Mme Jones a également fait référence à une vidéo publiée sur Facebook en août 2017 montrant un soldat affichant « un encouragement clair à la violence génocidaire contre les Rohingyas » – des actions qui constitueraient une violation flagrante des obligations du Myanmar au titre de la Convention de 1948. Convention sur le génocide.

« Il leur a dit, et je cite : « Nous allons nettoyer les villages où vivent ces animaux. Nous avons des fusils, nous avons des balles. C’est ce que nous sommes venus avec, avec des munitions et l’esprit d’attaquer les animaux, nous sommes venus ici. Si vous pouvez porter une épée, portez une épée. Si vous pouvez porter un bâton, alors portez un bâton. Portez tout ce que vous pouvez et affrontez courageusement ces animaux ».

La Gambie, un pays à majorité musulmane, allègue que les dirigeants militaires du Myanmar ont commis des actes de génocide brutaux contre le peuple Rohingya de 2016 à 2018 dans le nord de l’État de Rakhine.

Ces violations comprenaient des exécutions massives, le meurtre aveugle de près de 10 000 civils, dont des femmes et des enfants, des violences sexuelles généralisées et l’incendie délibéré de centaines de villages.

« Un manuel de nettoyage ethnique »

En 2017, Zeid Ra’ad al-Hussein, alors chef des droits de l’ONU, a décrit la violence contre les Rohingyas comme une «exemple classique de nettoyage ethnique» qui a contraint environ 700 000 d’entre eux à fuir vers le Bangladesh voisin, où la plupart restent aujourd’hui.

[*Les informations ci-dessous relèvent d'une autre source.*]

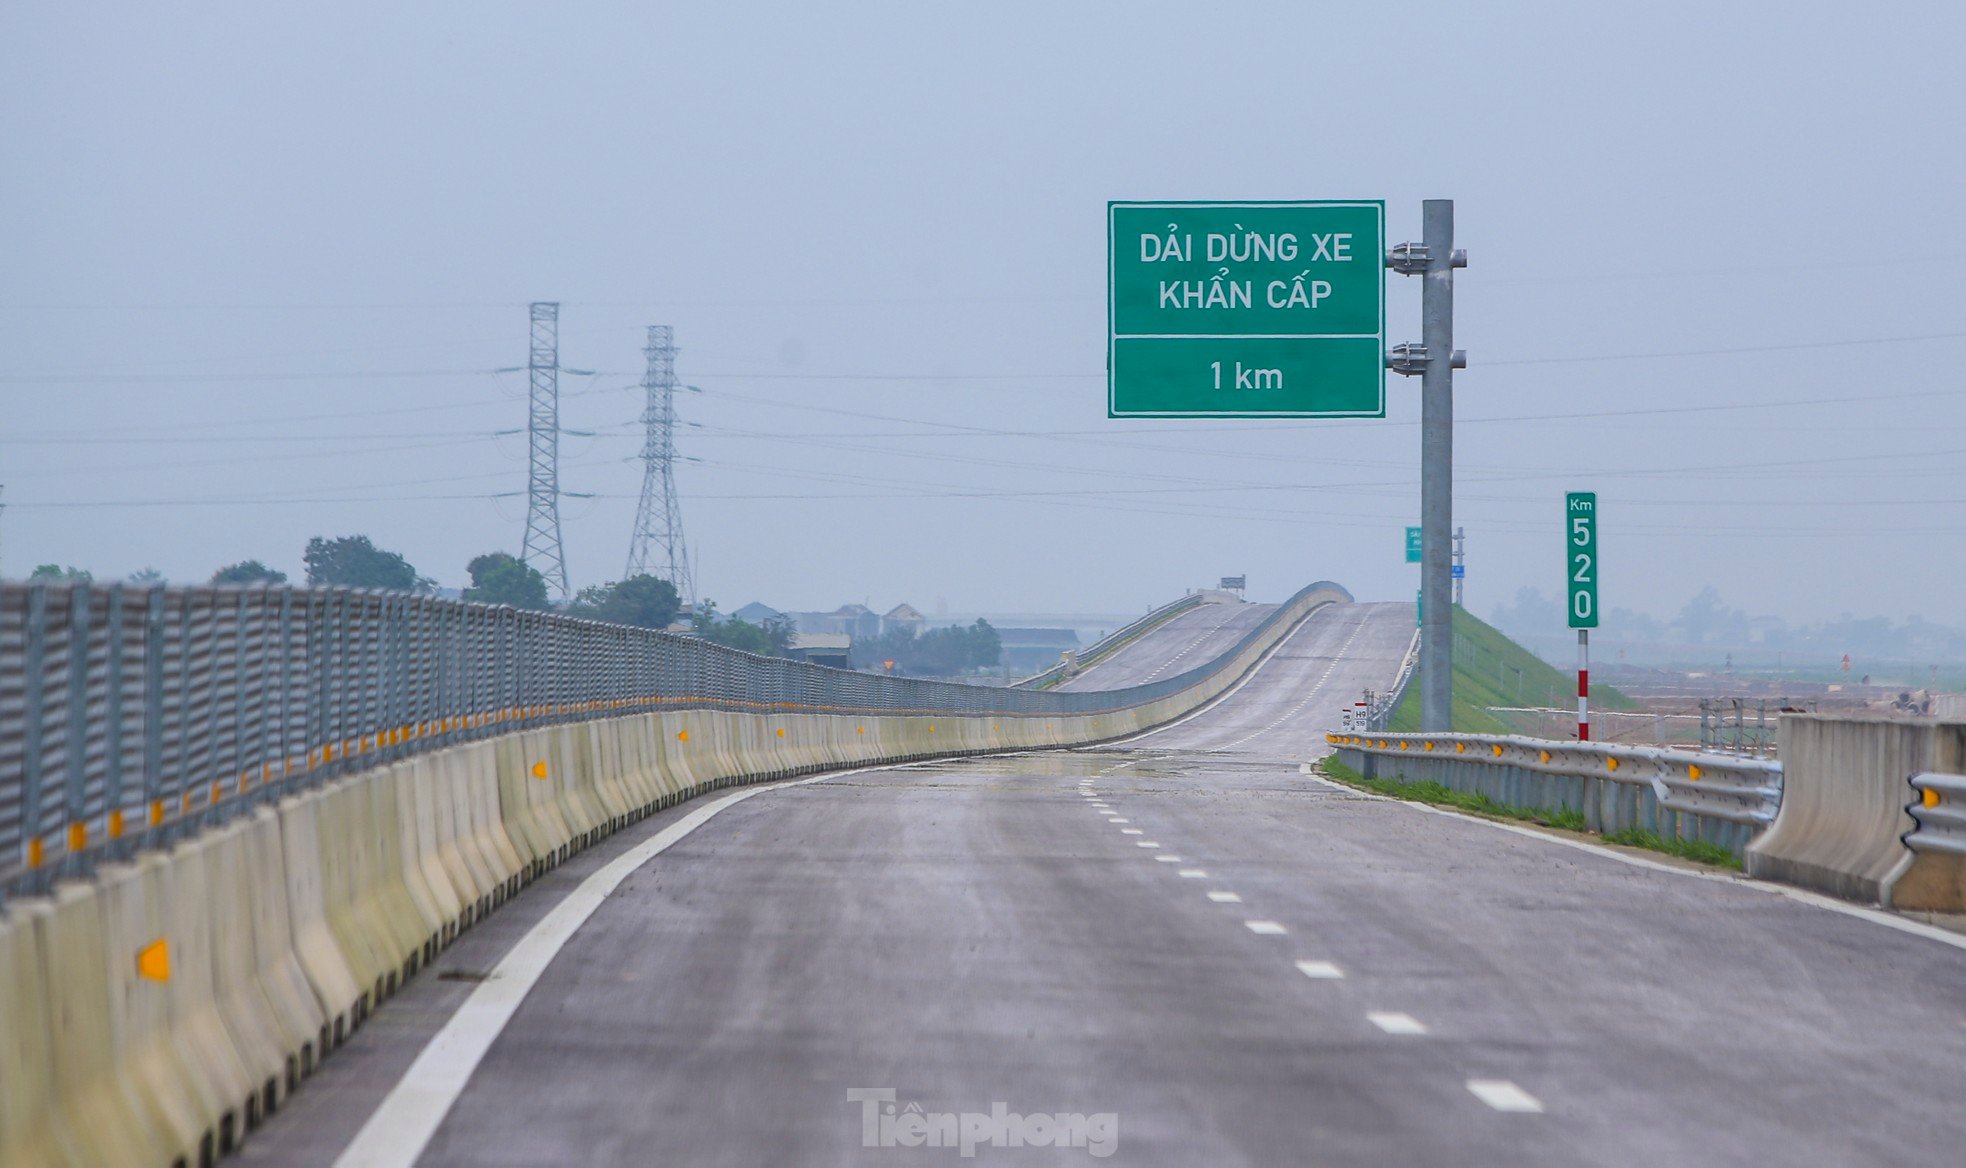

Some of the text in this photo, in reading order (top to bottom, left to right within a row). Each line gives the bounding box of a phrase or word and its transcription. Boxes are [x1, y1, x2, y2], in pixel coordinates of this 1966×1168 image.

[1141, 223, 1353, 262] DẢI DỪNG XE
[1160, 267, 1332, 309] KHẨN CẤP
[1211, 361, 1283, 389] 1 km
[1570, 499, 1592, 511] Km
[1573, 518, 1592, 618] 520

En 2020, le tribunal international a ordonné au Myanmar de cesser ses actes de génocidesuite à une demande de la Gambie, qui cherche désormais à tenir le Myanmar responsable de ses actes et à obtenir une restitution et une indemnisation pour les victimes.

Le Myanmar a longtemps nié avoir intentionnellement persécuté les Rohingyas et a cité avoir mené des opérations anti-insurrectionnelles.

Cas historique

Cette affaire est largement considérée comme un tournant décisif, car c’est la première fois que le CIJ les juges devraient statuer sur un différend porté par un pays non touché par le crime présumé.

La semaine prochaine, trois témoins rohingyas devraient présenter au tribunal leurs témoignages poignants en tant que « membres du mauvais groupe, au mauvais moment et au mauvais endroit » qui ont été témoins du meurtre de leurs conjoints et de leurs enfants, a déclaré Philippe Sands de Gambie, dans ses remarques finales.

Le Cour internationale de Justice est la plus haute instance judiciaire de l’ONU. Elle règle les différends juridiques entre États et donne des avis consultatifs sur les questions de droit international. Elle ne juge pas les individus mais détermine la responsabilité des États.

Les audiences à La Haye se poursuivent jusqu’au 29 janvier.